ALT attributes provide descriptive text and are replacements for missing
images. Great! Now, why are they required? Not to mention, any use of any
attribute _not_ on the list will get you unvalidated. Suppose I want to
include some extra data for JS, like "_droptype" or "_isDraggable". Sorry!
It's not on W3C's list of acceptable attributes so you fail validation, even
though all browsers ignore attributes they don't know about.

An empty tag... why do I have one?
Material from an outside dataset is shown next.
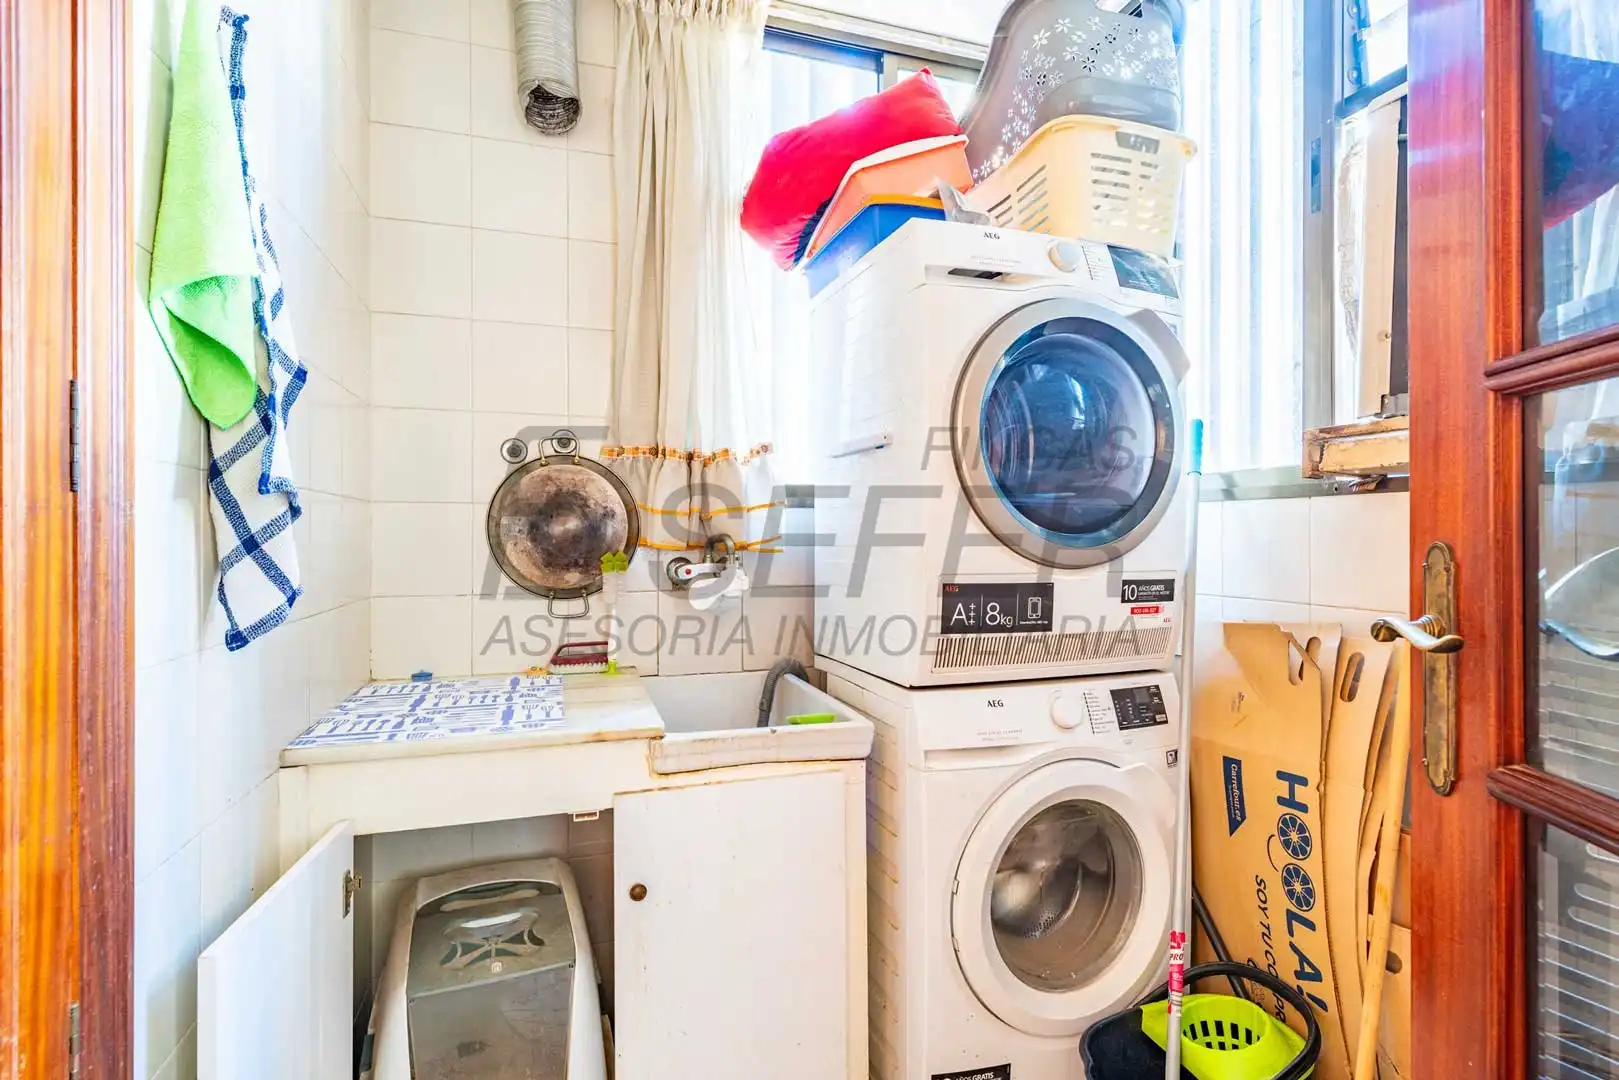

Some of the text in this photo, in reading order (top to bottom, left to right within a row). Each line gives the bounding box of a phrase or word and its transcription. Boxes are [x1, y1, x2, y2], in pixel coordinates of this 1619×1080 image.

Well, maybe because inside the tag I have
server generate text.. .and instead of doing;

    
    
      if ($text) echo "<tr>$text</tr>"
    

I do

    
    
      echo "<tr>$text</tr>"
    

Would it be so hard to make the standard: "If theres nothing in the tag, treat
it like it doesn't exist"? No.

Furthermore, I have blank DIVs to take up width/height sometimes. Then again,
I'm sure there's some clever way to wrap 20 DIVs and put browser specific
hacks so it actually validates... but I prefer to do it the way that works.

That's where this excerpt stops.